I guess when I first got the Fuelband it was interesting to see how many steps I was taking each day and how on some days I was more sedentary than I realised. That made me change how I structured my days so that I had time to walk from meeting to meeting across London. It was a good example of how the data collected (steps) was translated into information (active versus sedentary days) and then into actionable knowledge (change more sedentary days into active ones).
But now what? I want it to help me do something else. But it doesn’t. That’s pretty much all it does. I was hoping to map my activity to my weight to see how that changed over time, but Nike doesn’t offer that. I think FitBit does, but I lost my “One” a few weeks back and I have to admit that I wasn’t remotely bothered (I got it for free at TEDMED so there wasn’t even a financial loss). In truth, I also felt a little nerdy walking about with something clipped to my belt so it was sort-of a relief.
To my mind, the quantified-self movement has plateaued. I suspect enthusiasts will tell me that with new sensors we’ll be able to collect more data (see here, for example), which can equally turn into information. Fine, but the real magic is the leap from information to actionable knowledge. In my example that leap was fuelled by what I wanted to do – spend less time on my bum and more time walking. Why? Because it helps to stretch my hip flexors, which, in turn, helps to overcome my almost-absent lumbar lordosis, which, in turn, helps to open up the space around the root of my sciatic nerve, which, in turn, helps to reduce my ongoing sciatic pain. How can any sensor know all that, and hence make the leap for me?
Sensors can’t, at least not yet. If you really listen carefully for the signal in the health innovation noise you’ll hear cogent voices talking about the need for “a high-level approach for creating emergent multi-device user experience”. Great, but it still won’t convert information into actionable knowledge. To do that we need to understand what people are trying to do.
Now I have to be honest and say that I am borrowing my thinking from one of the smartest people I have ever met – Kingshuk Das. He’s now one of the Wellthcare Explorers but after we first met he said something on Twitter that it’s taken me five months to understand: ‘We need to change the focus from “health & wellness” to what folks are actually trying to do in their lives.’
What I’m trying to do is lengthen my hip flexors. The impact of achieving this is to reduce my likelihood of pain and hence, quite frankly, lengthen my days given that when pain-free I’m not as tired as I am when my pain is my constant companion. With longer, pain-free days I can “do” more.

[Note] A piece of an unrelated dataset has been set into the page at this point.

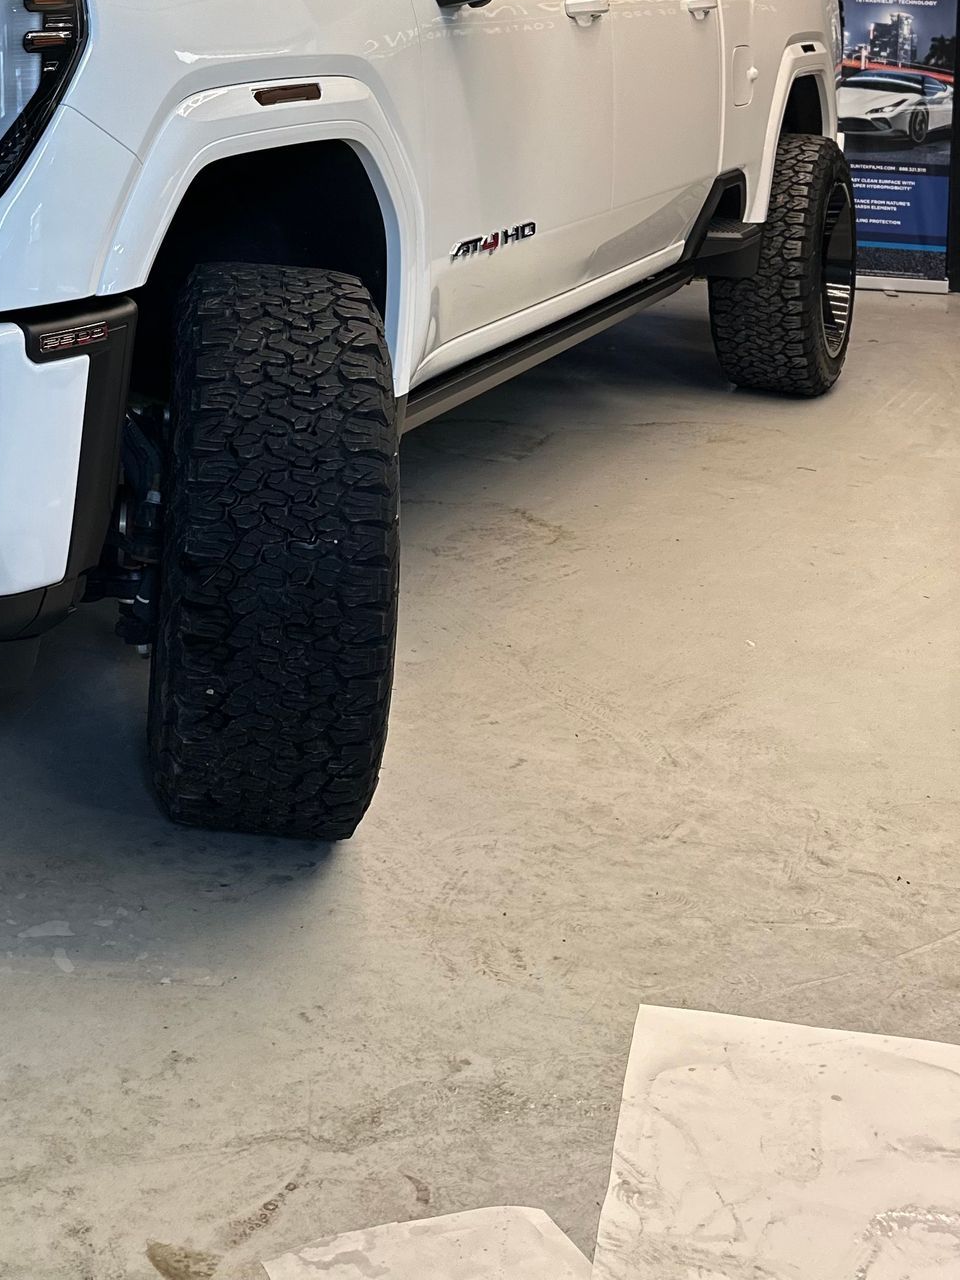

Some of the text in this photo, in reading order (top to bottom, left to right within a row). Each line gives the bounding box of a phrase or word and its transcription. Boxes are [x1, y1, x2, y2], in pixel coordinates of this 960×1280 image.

Kingshuk mentioned “wellness” in his tweet and this week I listened in on what I can only describe as a tempestuous webinar about the over-promising, anti-scientific, and perhaps even fraudulent behaviour of the wellness industry. In it, Al Lewis and Vik Khanna continued to do what they have been doing so well to date, which is to examine the evidence underpinning wellness programmes and point at the inconsistencies between the data and the marketing claims.
They made their usual convincing case but my more fundamental problem with “wellness” is that it’s defined by what health providers think we should be doing. I can’t think of anything less motivating than being told what to do, especially when what I want to do is not being considered. I’m sure that when I asked why I want to spend less time on my bum you thought of the cardiovascular benefits of being more active but I couldn’t give two hoots about that in comparison to reducing my sciatic pain.
Therein lies the unspoken tension that inhibits imagination in health and health care. It’s not what you think I should want that matters, it’s what I want that matters. Wellness and health care are what I increasingly see as “supply-side thinking”. Health care, as the all seeing and all knowing Big Brother, is telling us what we should want – and we have to trust it because we don’t know any better. We probably don’t, but you, health care, can’t make me want what you want me to want.
In my ongoing quest to carve open new thinking in health and health care, I call this the “wantified self”. It’s only, as Kingshuk said five months ago, by knowing what people want can we really figure out what health-related services to offer them – in other words, “demand-side thinking”.
Interestingly, my physiotherapist doesn’t buy my flexor-lordosis-sciatic theory. She thinks I have a “chemical neuritis” post-surgery. I don’t really know what that is, but the treatment seems to be the same – to work on my hip flexors. I’m “adhering” to my treatment because it’s aligned with how I justify my “want”, a happy coincidence rather than a validation of the role of health care in my life.
At the end of the first debate between the Wellthcare Explorers they asked: “How do the things that people care about relate to health?” For me, this is about understanding “demand”. How is it that we have a US$7tr global industry that has no mechanism to truly understand demand? It’s time to ease off on the quantifying and think more about wantifying.